Stored data entries ->
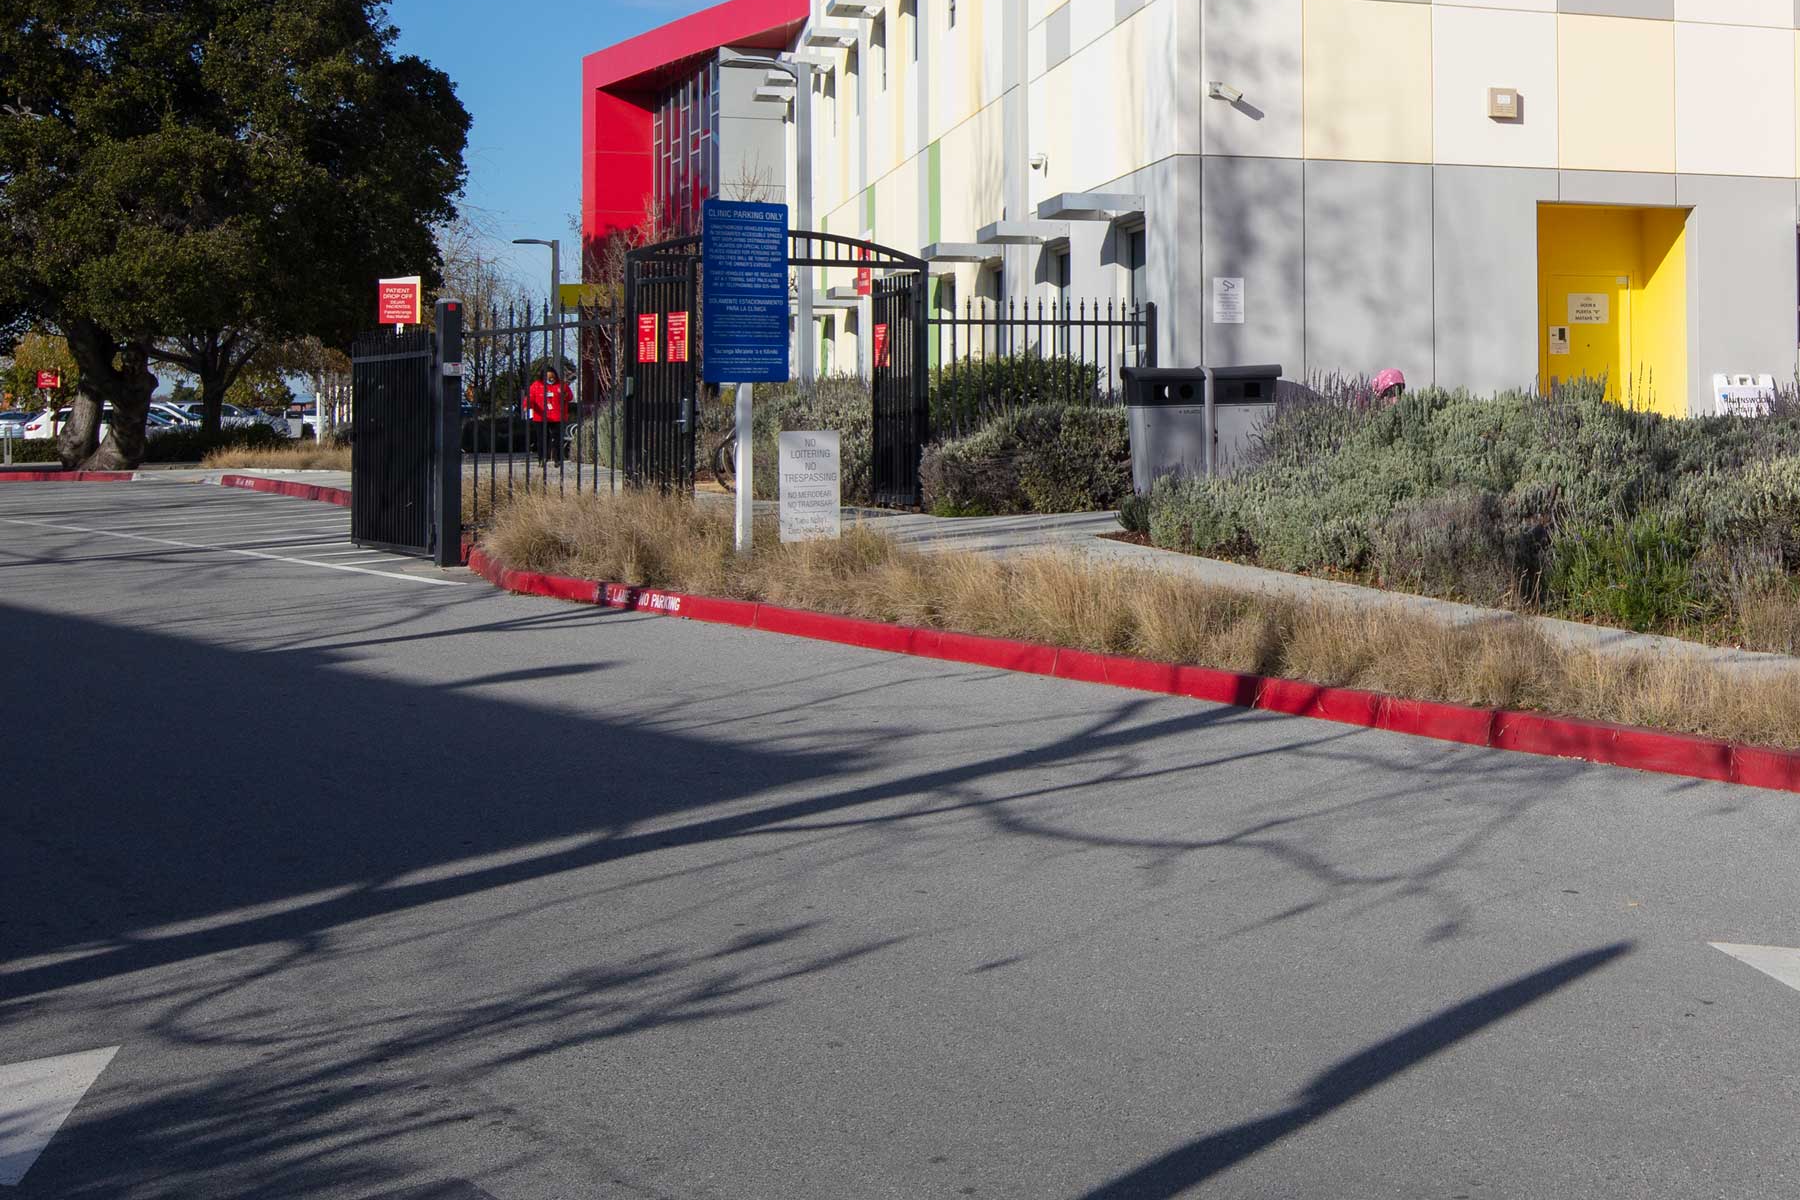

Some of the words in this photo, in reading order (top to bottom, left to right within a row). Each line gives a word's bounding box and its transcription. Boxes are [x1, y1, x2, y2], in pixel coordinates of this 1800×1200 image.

[708, 209, 732, 218] CLINIC
[734, 210, 764, 220] PARKING
[765, 212, 784, 221] ONLY
[804, 438, 816, 448] NO
[790, 449, 832, 459] LOITERING
[805, 462, 817, 471] NO
[784, 473, 837, 483] TRESPASSING
[638, 592, 650, 606] NO
[651, 594, 680, 611] PARKING

PROBLEM REQUIREMENTS -> Once the pictures are set aside, repeat the data above exactly.

WRITTEN RESPONSE ->
Some of the words in this photo, in reading order (top to bottom, left to right within a row). Each line gives a word's bounding box and its transcription. Boxes are [x1, y1, x2, y2], in pixel coordinates of this 1800×1200 image.

[708, 209, 732, 218] CLINIC
[734, 210, 764, 220] PARKING
[765, 212, 784, 221] ONLY
[804, 438, 816, 448] NO
[790, 449, 832, 459] LOITERING
[805, 462, 817, 471] NO
[784, 473, 837, 483] TRESPASSING
[638, 592, 650, 606] NO
[651, 594, 680, 611] PARKING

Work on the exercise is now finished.